WORK REQUEST>
Repeat the records exactly, with one exception: no images.

[Image-backed grounding data]
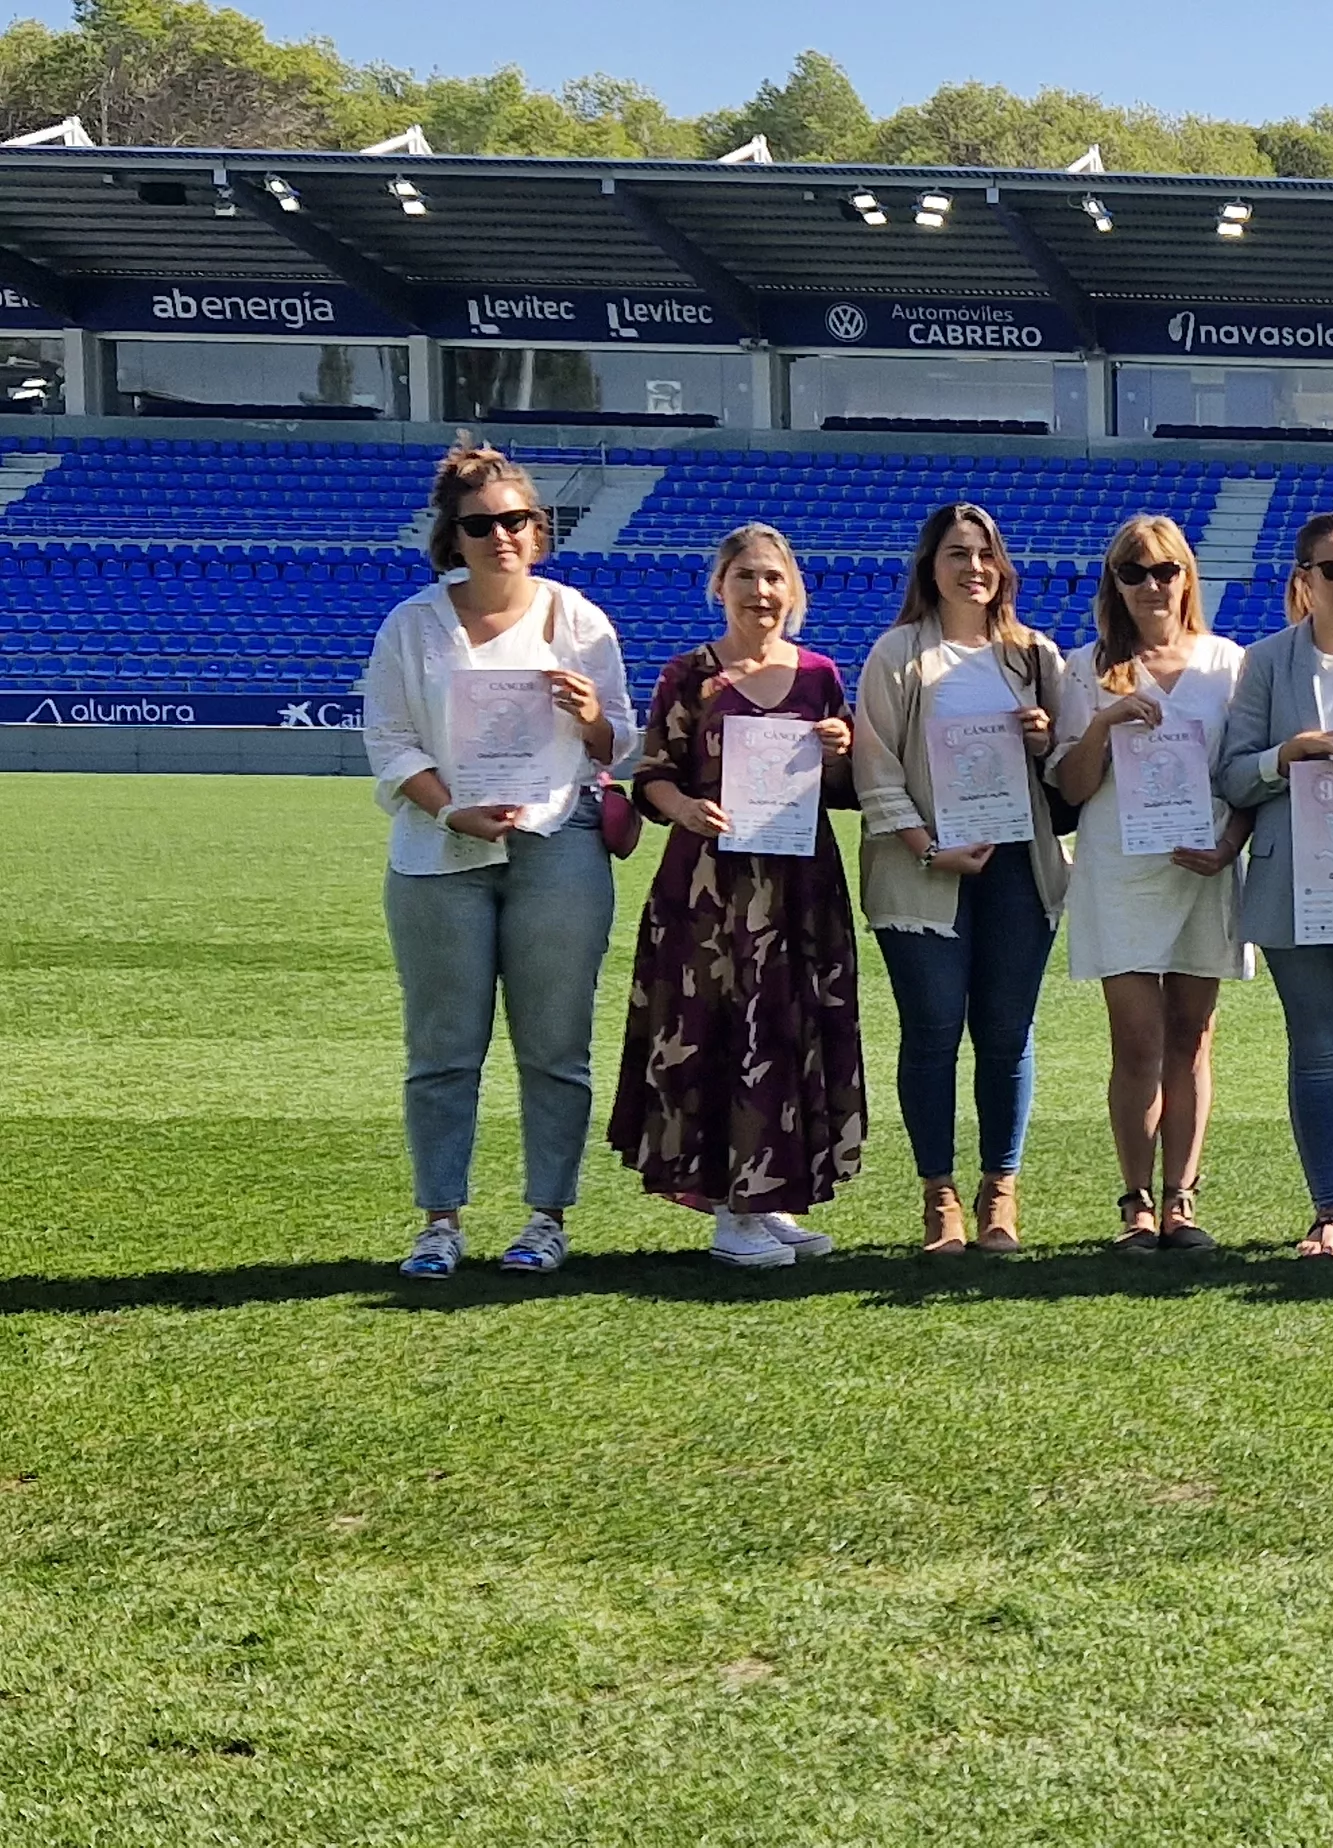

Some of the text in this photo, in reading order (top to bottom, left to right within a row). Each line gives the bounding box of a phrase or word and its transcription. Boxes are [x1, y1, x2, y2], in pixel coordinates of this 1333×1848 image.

[891, 303, 1015, 323] Automóviles
[908, 323, 1043, 347] CABRERO
[70, 697, 196, 722] alumbra
[317, 702, 362, 728] Cai

RESPONSE AREA>
Some of the text in this photo, in reading order (top to bottom, left to right within a row). Each line gives the bounding box of a phrase or word and its transcription. Boxes are [x1, y1, x2, y2], in pixel coordinates of this 1333×1848 image.

[891, 303, 1015, 323] Automóviles
[908, 323, 1043, 347] CABRERO
[70, 697, 196, 722] alumbra
[317, 702, 362, 728] Cai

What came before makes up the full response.